-- REQUIREMENT --
The expected result is the segment of the entries that begins with the line containing "this 1600×900 image." and ends with the last line, copied verbatim.

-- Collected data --
################
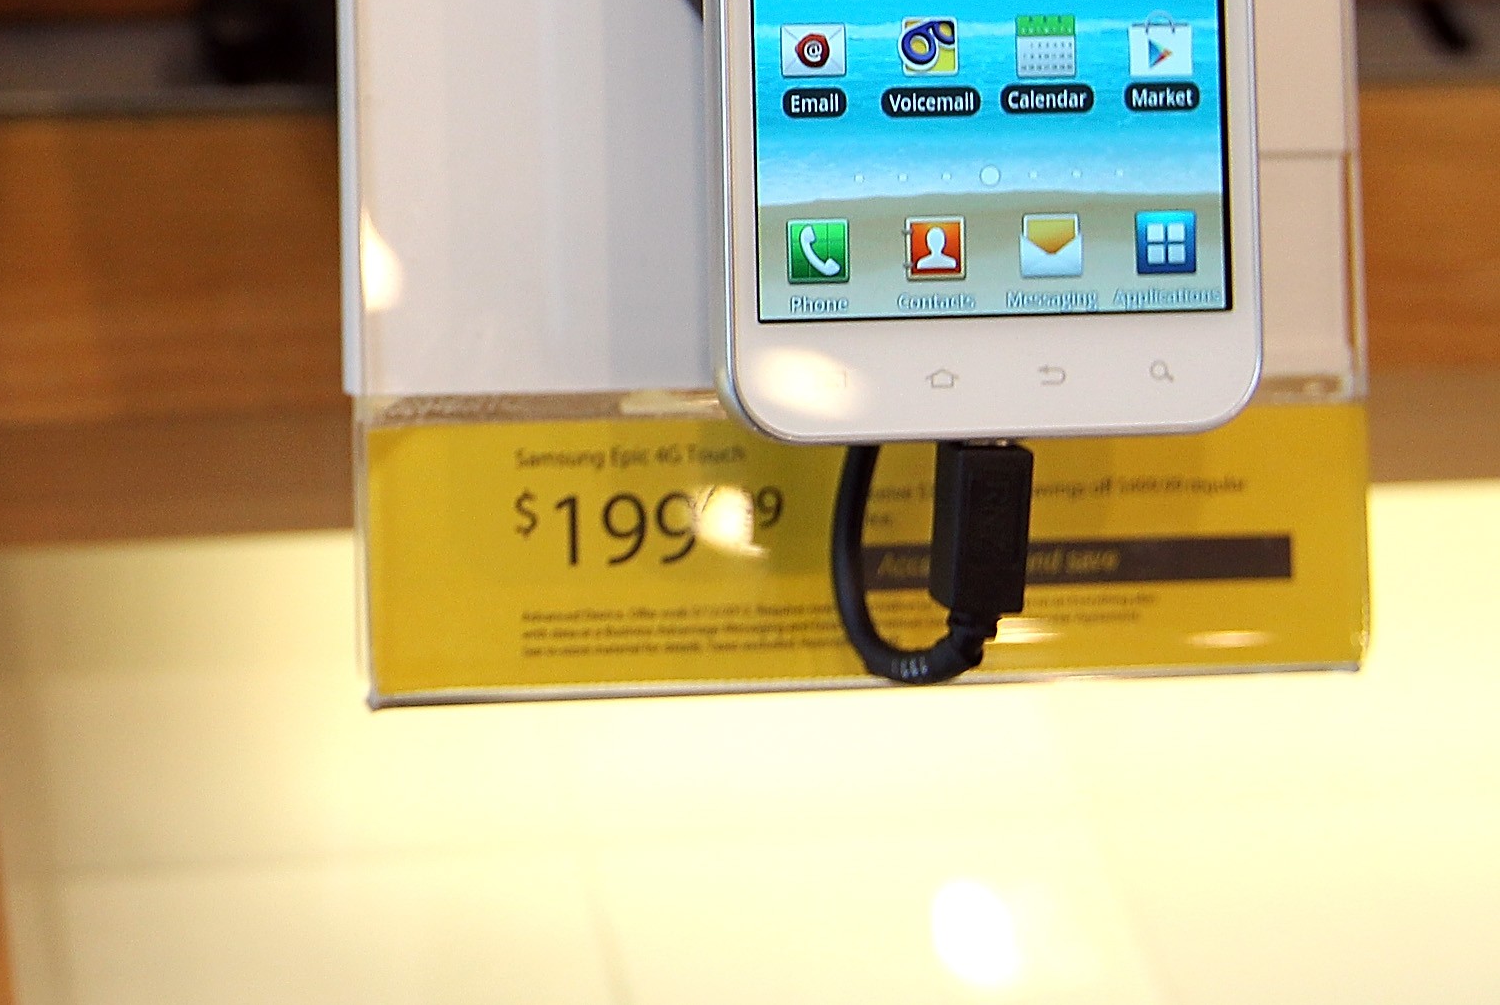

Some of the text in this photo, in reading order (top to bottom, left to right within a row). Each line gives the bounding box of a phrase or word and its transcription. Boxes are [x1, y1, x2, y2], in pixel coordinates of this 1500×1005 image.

[789, 93, 840, 113] Email
[888, 91, 975, 113] Voicemail
[1007, 89, 1088, 110] Calendar
[1131, 87, 1194, 108] Market
[789, 294, 850, 316] Phone
[896, 292, 976, 311] Contacts
[1005, 289, 1100, 312] Messaging
[1112, 286, 1220, 308] Applications
[514, 448, 605, 472] Samsung
[610, 446, 649, 468] Epic
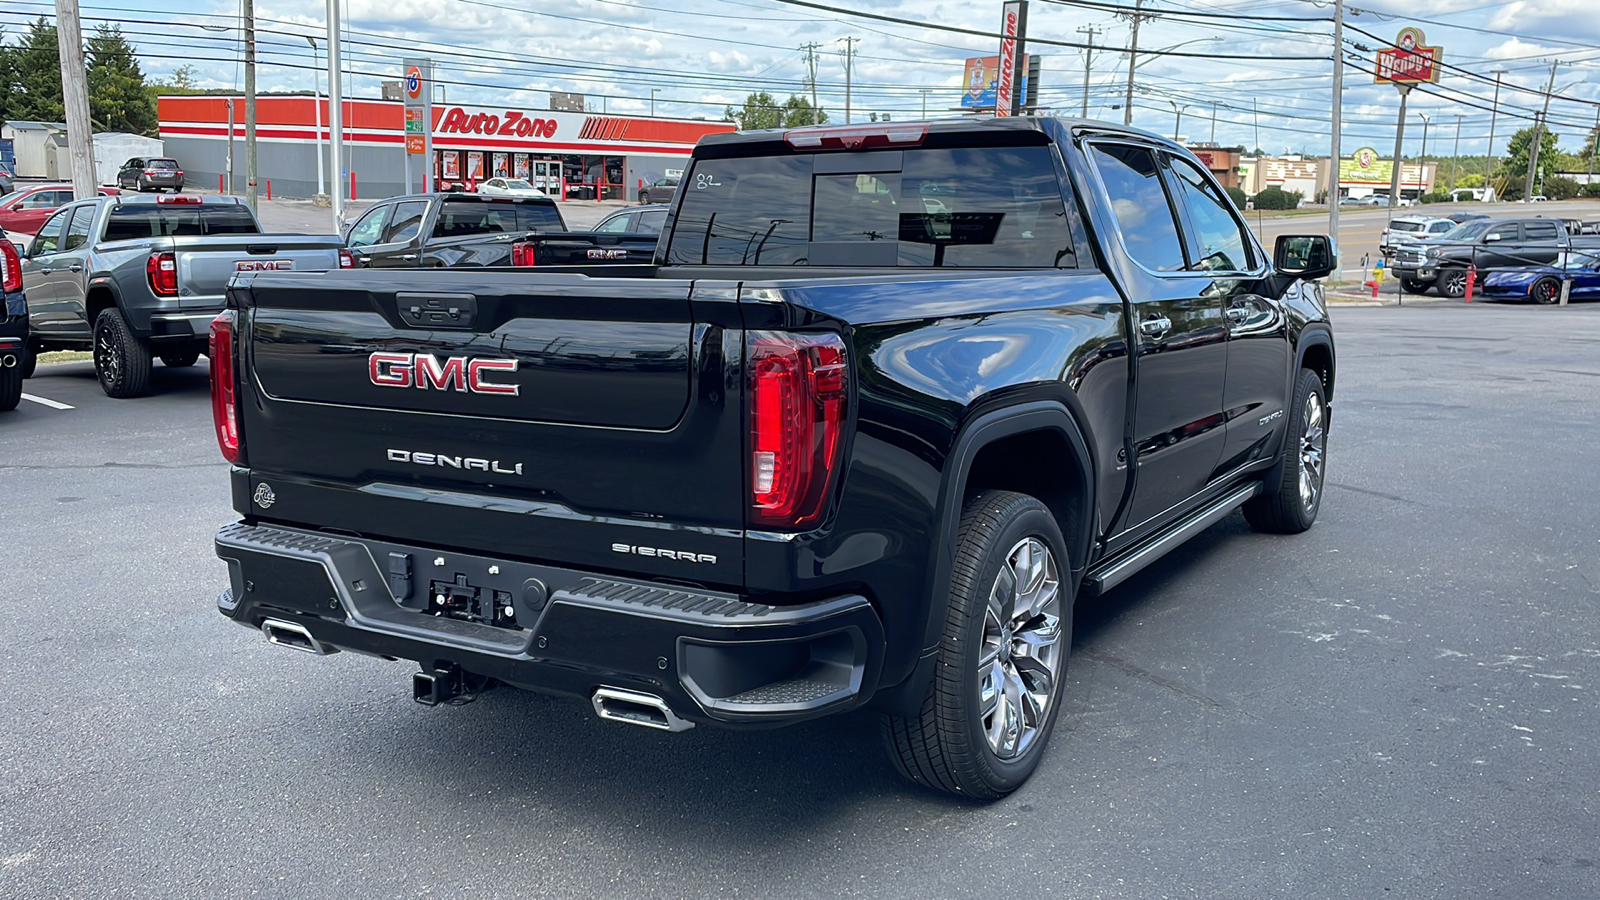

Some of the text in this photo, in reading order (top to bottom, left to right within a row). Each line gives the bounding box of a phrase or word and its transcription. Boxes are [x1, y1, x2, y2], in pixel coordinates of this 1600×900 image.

[1000, 12, 1017, 102] AutoZone
[406, 71, 419, 92] 76
[440, 107, 557, 138] AutoZone
[697, 173, 721, 189] 82
[587, 249, 627, 260] GMC
[237, 260, 292, 271] GMC
[369, 351, 521, 396] GMC
[387, 449, 523, 475] DENALI
[612, 543, 717, 564] SIERRA
################
-- EXERCISE OUTPUT --
Some of the text in this photo, in reading order (top to bottom, left to right within a row). Each line gives the bounding box of a phrase or word and its transcription. Boxes are [x1, y1, x2, y2], in pixel coordinates of this 1600×900 image.

[1000, 12, 1017, 102] AutoZone
[406, 71, 419, 92] 76
[440, 107, 557, 138] AutoZone
[697, 173, 721, 189] 82
[587, 249, 627, 260] GMC
[237, 260, 292, 271] GMC
[369, 351, 521, 396] GMC
[387, 449, 523, 475] DENALI
[612, 543, 717, 564] SIERRA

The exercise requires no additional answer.